WHAT YOU ARE ASKED TO DO
What you give back should match the entries below character for character.

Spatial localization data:
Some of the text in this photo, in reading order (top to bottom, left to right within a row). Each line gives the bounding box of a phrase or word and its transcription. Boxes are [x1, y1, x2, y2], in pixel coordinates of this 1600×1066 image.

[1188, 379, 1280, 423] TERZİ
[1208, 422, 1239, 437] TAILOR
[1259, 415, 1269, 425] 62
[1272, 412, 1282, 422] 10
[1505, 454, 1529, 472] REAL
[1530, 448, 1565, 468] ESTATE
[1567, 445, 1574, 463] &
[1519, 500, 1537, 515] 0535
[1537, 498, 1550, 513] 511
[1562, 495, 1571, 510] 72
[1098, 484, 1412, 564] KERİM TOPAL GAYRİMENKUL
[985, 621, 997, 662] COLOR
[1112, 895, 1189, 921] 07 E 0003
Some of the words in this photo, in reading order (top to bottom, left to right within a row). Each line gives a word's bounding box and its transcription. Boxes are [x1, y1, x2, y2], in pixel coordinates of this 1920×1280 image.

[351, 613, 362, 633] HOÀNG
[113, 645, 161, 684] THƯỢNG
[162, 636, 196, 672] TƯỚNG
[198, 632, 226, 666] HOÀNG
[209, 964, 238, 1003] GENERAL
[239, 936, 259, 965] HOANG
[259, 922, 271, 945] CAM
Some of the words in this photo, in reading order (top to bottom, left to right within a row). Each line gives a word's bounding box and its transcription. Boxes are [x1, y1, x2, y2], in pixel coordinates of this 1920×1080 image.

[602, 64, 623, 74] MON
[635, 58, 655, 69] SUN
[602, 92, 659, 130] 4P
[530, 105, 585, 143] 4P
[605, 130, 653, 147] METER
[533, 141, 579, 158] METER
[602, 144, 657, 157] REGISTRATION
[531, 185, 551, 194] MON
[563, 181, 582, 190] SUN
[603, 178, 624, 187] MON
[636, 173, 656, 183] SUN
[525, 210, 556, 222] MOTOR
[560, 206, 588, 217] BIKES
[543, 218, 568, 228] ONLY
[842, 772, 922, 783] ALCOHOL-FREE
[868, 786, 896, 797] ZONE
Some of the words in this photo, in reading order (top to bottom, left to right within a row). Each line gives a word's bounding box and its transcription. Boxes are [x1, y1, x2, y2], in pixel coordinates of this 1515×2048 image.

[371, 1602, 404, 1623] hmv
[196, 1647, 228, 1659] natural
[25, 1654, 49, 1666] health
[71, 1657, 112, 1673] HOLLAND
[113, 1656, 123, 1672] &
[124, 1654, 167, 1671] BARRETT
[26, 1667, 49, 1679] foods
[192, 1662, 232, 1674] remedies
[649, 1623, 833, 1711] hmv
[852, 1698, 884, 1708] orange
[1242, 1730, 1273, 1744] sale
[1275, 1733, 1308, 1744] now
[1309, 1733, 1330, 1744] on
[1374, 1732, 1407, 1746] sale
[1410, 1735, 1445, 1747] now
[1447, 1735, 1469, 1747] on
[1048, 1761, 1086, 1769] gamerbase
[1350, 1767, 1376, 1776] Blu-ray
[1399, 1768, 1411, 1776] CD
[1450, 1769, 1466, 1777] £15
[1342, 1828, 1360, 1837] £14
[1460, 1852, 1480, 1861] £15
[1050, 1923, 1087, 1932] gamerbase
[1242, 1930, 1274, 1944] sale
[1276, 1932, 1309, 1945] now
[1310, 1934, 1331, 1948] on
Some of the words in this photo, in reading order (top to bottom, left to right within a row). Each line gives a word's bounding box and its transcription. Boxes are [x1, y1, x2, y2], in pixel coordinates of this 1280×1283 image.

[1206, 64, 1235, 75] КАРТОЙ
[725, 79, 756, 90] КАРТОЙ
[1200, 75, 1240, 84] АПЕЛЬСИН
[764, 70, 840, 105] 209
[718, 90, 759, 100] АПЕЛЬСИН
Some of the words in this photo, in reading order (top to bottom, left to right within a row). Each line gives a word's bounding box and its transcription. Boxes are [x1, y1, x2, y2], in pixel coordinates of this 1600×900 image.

WORKED SOLUTION
Some of the text in this photo, in reading order (top to bottom, left to right within a row). Each line gives the bounding box of a phrase or word and its transcription. Boxes are [x1, y1, x2, y2], in pixel coordinates of this 1600×1066 image.

[1188, 379, 1280, 423] TERZİ
[1208, 422, 1239, 437] TAILOR
[1259, 415, 1269, 425] 62
[1272, 412, 1282, 422] 10
[1505, 454, 1529, 472] REAL
[1530, 448, 1565, 468] ESTATE
[1567, 445, 1574, 463] &
[1519, 500, 1537, 515] 0535
[1537, 498, 1550, 513] 511
[1562, 495, 1571, 510] 72
[1098, 484, 1412, 564] KERİM TOPAL GAYRİMENKUL
[985, 621, 997, 662] COLOR
[1112, 895, 1189, 921] 07 E 0003
Some of the words in this photo, in reading order (top to bottom, left to right within a row). Each line gives a word's bounding box and its transcription. Boxes are [x1, y1, x2, y2], in pixel coordinates of this 1920×1280 image.

[351, 613, 362, 633] HOÀNG
[113, 645, 161, 684] THƯỢNG
[162, 636, 196, 672] TƯỚNG
[198, 632, 226, 666] HOÀNG
[209, 964, 238, 1003] GENERAL
[239, 936, 259, 965] HOANG
[259, 922, 271, 945] CAM
Some of the words in this photo, in reading order (top to bottom, left to right within a row). Each line gives a word's bounding box and its transcription. Boxes are [x1, y1, x2, y2], in pixel coordinates of this 1920×1080 image.

[602, 64, 623, 74] MON
[635, 58, 655, 69] SUN
[602, 92, 659, 130] 4P
[530, 105, 585, 143] 4P
[605, 130, 653, 147] METER
[533, 141, 579, 158] METER
[602, 144, 657, 157] REGISTRATION
[531, 185, 551, 194] MON
[563, 181, 582, 190] SUN
[603, 178, 624, 187] MON
[636, 173, 656, 183] SUN
[525, 210, 556, 222] MOTOR
[560, 206, 588, 217] BIKES
[543, 218, 568, 228] ONLY
[842, 772, 922, 783] ALCOHOL-FREE
[868, 786, 896, 797] ZONE
Some of the words in this photo, in reading order (top to bottom, left to right within a row). Each line gives a word's bounding box and its transcription. Boxes are [x1, y1, x2, y2], in pixel coordinates of this 1515×2048 image.

[371, 1602, 404, 1623] hmv
[196, 1647, 228, 1659] natural
[25, 1654, 49, 1666] health
[71, 1657, 112, 1673] HOLLAND
[113, 1656, 123, 1672] &
[124, 1654, 167, 1671] BARRETT
[26, 1667, 49, 1679] foods
[192, 1662, 232, 1674] remedies
[649, 1623, 833, 1711] hmv
[852, 1698, 884, 1708] orange
[1242, 1730, 1273, 1744] sale
[1275, 1733, 1308, 1744] now
[1309, 1733, 1330, 1744] on
[1374, 1732, 1407, 1746] sale
[1410, 1735, 1445, 1747] now
[1447, 1735, 1469, 1747] on
[1048, 1761, 1086, 1769] gamerbase
[1350, 1767, 1376, 1776] Blu-ray
[1399, 1768, 1411, 1776] CD
[1450, 1769, 1466, 1777] £15
[1342, 1828, 1360, 1837] £14
[1460, 1852, 1480, 1861] £15
[1050, 1923, 1087, 1932] gamerbase
[1242, 1930, 1274, 1944] sale
[1276, 1932, 1309, 1945] now
[1310, 1934, 1331, 1948] on
Some of the words in this photo, in reading order (top to bottom, left to right within a row). Each line gives a word's bounding box and its transcription. Boxes are [x1, y1, x2, y2], in pixel coordinates of this 1280×1283 image.

[1206, 64, 1235, 75] КАРТОЙ
[725, 79, 756, 90] КАРТОЙ
[1200, 75, 1240, 84] АПЕЛЬСИН
[764, 70, 840, 105] 209
[718, 90, 759, 100] АПЕЛЬСИН
Some of the words in this photo, in reading order (top to bottom, left to right within a row). Each line gives a word's bounding box and its transcription. Boxes are [x1, y1, x2, y2], in pixel coordinates of this 1600×900 image.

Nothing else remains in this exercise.